Given health trajectories, there is arguably no policy area in more desperate need of mass-consumer behavior transformation than public health. Current forecasts predict that one in three British adults will be obese by 2034,[ii] and at £27 billion per year, [iii] obesity is quickly becoming one of society’s most expensive trends. In fact, more is spent annually on obesity and diabetes treatment in the UK than on the police, fire service and judicial system combined.[iv] But we cannot solely rely on the transformative power of behavioral interventions to counter these forecasts. The wider structural issues surrounding the diabetes crisis should also be addressed and tackled with our old friends: taxation and legislation.

Diabetes and demand-side policies

The rise of type-2-diabetes has come hand-in-hand with our ever-expanding waistlines; diabetes treatment now accounts for 9% of the National Health Service’s (NHS) annual budget at £8.8 billion.[v] Given the scale of the crisis, the government is increasingly turning to behavioral-intervention programs. Behavioral economics broadly rejects the rational decision-making model of standard economic theory. Instead, it describes an unrealistically optimistic, loss-averse and irrational human agent prone to inertia and a number of cognitive biases.[vi] Attracted by low-cost, big-impact policies, government ‘nudge units’ are rapidly expanding. The well-documented ‘nudge’ refers to non-regulatory and non-monetary interventions that preserve freedom of choice while influencing peoples’ behavior.[vii] For instance, simply changing the wording from ‘opt-in’ to ‘opt-out’ on the government’s auto-enrolment pension scheme has seen an extra nine million people join workplace pension schemes since 2012.[viii]

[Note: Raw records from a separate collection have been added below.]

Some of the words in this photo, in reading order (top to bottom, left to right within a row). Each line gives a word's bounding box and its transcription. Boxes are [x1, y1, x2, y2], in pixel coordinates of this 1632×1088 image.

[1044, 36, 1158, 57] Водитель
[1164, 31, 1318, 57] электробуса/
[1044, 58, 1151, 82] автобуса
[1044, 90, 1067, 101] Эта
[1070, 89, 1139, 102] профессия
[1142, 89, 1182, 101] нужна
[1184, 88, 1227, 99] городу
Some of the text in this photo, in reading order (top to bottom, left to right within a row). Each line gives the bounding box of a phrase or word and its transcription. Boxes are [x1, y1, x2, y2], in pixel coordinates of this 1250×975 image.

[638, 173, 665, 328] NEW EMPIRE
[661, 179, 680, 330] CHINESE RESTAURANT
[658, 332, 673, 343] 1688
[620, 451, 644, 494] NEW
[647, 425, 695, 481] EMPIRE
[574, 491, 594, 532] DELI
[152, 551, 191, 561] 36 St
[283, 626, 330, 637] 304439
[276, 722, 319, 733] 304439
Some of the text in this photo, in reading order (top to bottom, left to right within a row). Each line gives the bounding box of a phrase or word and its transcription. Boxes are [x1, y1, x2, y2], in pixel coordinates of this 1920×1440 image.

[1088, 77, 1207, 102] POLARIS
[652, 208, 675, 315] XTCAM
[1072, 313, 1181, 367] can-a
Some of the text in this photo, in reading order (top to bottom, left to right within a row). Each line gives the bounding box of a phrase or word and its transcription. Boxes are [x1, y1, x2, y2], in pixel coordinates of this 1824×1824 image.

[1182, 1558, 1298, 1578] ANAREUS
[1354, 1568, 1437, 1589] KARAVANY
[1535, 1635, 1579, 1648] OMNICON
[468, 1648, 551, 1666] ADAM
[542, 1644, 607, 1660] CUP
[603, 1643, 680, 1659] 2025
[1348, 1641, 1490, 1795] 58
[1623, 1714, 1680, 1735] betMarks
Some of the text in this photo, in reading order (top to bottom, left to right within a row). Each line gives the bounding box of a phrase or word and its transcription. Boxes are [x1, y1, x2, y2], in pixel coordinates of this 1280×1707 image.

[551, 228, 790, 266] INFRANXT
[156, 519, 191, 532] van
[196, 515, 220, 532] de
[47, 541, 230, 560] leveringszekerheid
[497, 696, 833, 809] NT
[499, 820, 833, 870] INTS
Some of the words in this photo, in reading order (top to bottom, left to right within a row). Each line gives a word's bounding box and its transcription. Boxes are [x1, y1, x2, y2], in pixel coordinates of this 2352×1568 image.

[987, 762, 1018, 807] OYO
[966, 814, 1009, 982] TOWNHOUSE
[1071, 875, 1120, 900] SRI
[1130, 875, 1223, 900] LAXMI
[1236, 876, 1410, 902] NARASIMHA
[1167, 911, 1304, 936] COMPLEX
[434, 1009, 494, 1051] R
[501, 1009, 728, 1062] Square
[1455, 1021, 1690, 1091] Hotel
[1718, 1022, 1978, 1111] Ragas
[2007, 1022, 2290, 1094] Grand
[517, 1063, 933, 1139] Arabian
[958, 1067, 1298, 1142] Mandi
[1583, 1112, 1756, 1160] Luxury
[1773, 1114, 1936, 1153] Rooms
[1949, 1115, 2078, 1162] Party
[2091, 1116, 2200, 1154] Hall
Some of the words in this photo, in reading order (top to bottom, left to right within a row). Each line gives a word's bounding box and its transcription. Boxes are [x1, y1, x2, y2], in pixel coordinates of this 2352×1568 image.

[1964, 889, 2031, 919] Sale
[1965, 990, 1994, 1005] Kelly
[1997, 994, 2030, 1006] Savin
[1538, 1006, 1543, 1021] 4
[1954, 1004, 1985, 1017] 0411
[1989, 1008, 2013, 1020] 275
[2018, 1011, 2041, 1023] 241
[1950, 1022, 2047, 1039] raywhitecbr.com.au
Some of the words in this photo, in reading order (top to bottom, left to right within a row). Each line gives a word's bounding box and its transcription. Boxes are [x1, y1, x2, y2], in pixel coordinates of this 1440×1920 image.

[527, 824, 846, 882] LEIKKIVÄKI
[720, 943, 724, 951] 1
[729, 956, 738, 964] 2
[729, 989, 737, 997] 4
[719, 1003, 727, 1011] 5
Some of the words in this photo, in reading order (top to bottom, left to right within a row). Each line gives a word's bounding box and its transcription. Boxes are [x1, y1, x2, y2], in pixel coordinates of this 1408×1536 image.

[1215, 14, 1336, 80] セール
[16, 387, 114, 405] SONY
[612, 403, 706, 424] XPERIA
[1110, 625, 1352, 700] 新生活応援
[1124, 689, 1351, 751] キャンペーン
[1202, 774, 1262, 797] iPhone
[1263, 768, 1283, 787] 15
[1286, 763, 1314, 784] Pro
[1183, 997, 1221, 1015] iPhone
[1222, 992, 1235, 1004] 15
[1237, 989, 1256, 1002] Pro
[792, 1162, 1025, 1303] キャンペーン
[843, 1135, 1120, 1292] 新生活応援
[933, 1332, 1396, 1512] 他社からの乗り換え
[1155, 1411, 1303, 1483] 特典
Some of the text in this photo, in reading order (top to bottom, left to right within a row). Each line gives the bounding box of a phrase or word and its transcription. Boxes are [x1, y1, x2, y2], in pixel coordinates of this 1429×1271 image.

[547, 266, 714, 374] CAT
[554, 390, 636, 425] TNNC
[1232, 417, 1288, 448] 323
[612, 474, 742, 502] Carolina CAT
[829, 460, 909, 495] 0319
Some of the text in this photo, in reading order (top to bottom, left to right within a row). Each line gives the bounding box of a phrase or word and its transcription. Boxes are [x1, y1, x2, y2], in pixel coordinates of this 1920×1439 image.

The UK government’s Behavioural Insights Team supports multiple policy areas with evidence-based behavioral interventions. In 2016, it rolled out the first nationwide Diabetes Prevention Programme with the NHS, targeting high-risk individuals. Over a minimum of nine months, nutrition and exercise group classes are offered to individuals identified by the NHS with the aim of changing dietary behavioral patterns. Similar policy approaches have also focused on influencing behavior linked to obesity. For instance, the 2016 Childhood Obesity Strategy encouraged an extra 30 minutes of physical activity per day.[ix] Several economic evaluations predict that the Diabetes Prevention Programme will be extremely cost-effective; [x] the overall undiscounted net benefit is forecasted at a whopping £1.2 billion for a 5-year cohort, a clear justification for the government’s support.[xi]

The cost-effectiveness of these lifestyle-intervention programs rests on an important premise, namely that they change people’s long-termbehavior. Consider this important aspect of the debate: why has obesity substantially increased to start with? Have people just ‘suddenly’ lost all self-control when it comes to their appetites?[xii] Or, are there wider structural changes that also need to be accounted for? Arguably the latter. What’s changed isn’t the way the human brain functions, rather the increased accessibility of cheap fast food, cleverly advertised by corporations who have been harnessing our behavioral biases long before government nudge units.[xiii] Government lifestyle-intervention programs are entering a behavioral-bias battleground where consumer biases are constantly targeted, whether it be by a NHS nutrition class or the burger advert outside. While behavioral interventions alone may suffice for pension-enrolment schemes, the battle for our waistlines takes place on two fronts: supply and demand.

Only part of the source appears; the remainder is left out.